FIFA has lost its bid to have a lawsuit by a group of former T&T Football Association (TTFA) executive members over their removal dismissed before it even kicked off.
Delivering a judgement electronically on Thursday, High Court Judge Carol Gobin rejected FIFA's interim application to strike out the claim based on its rule, which precludes member federations and associations from taking legal action against it in their local courts.
Gobin ruled that FIFA's rule, which it says the TTFA agreed to when it joined the organisation, could not oust the jurisdiction of the local courts to determine whether its rules are in conformity to the Act of Parliament, which established the TTFA.
She also said that arbitration, with the Court of Arbitration for Sport (CAS) as the referee, as suggested by FIFA and initially attempted by former TTFA president William Wallace and his executive could not resolve the dispute.
"This is a matter which falls squarely within the jurisdiction of the High Court of this country. This is not a matter for the CAS," Gobin said.
Gobin also noted that FIFA's policy of refusing to pay its share of the 40,000 Swiss francs (TT$276,000) required for the arbitration before the CAS rendered the process inoperable.
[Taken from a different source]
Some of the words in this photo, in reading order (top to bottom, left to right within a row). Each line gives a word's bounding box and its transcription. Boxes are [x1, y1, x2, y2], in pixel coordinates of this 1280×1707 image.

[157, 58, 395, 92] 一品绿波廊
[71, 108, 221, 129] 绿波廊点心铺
She said that at the eventual trial of the case Fifa would have to prove that its removal of the board and the appointment of its normalisation committee was in conformity with its own statutes which speak to respecting the independence of member associations.
"FIFA may yet have to justify its purported assumption of extraordinary power to control the day to day affairs of the TTFA, including the authority to amend to review and amend its statutes and to organise and conduct elections of a new TTFA Executive Committee for a four-year mandate," she said.
In her judgement, Gobin made noted of FIFA's open threat that former board's continued pursuit of the matter in court may lead to the suspension of the country's membership and funding cuts.
Gobin noted that while FIFA has a duty to ensure the enforcement of its rules, she noted that its lofty objectives in Article 3 and 4 of its statutes include a commitment to non-discrimination and humanitarian objectives underpinned by the rule of law.
"I do not expect FIFA to walk off the field or take its ball and go home if, after full ventilation of the issues, this court were to confirm the primacy of an Act of the Parliament of the Republic of Trinidad and Tobago over the FIFA Statutes," she said.
FIFA was ordered to pay the former board's legal costs for defending the application.
Through the local lawsuit, Wallace and his three vice presidents — Clynt Taylor, Joseph Sam Phillips, and Susan Joseph-Warrick are seeking a declaration that the decision to remove them in March and replace them with a committee headed by businessman Robert Hadad, was null, void, and of no legal or binding effect.
They are also seeking a permanent injunction barring FIFA from meddling in the TTFA's affair by allegedly seeking to circumvent the democratic process by removing duly elected executive members.
Wallace and his colleagues are being represented by Dr Emir Crowne, Matthew Gayle, Crystal Paul, and Jason Jones, while Christopher Hamel-Smith, SC, Jonathan Walker and Cherie Gopie are representing FIFA.
A date for the next hearing of the case is yet to be fixed.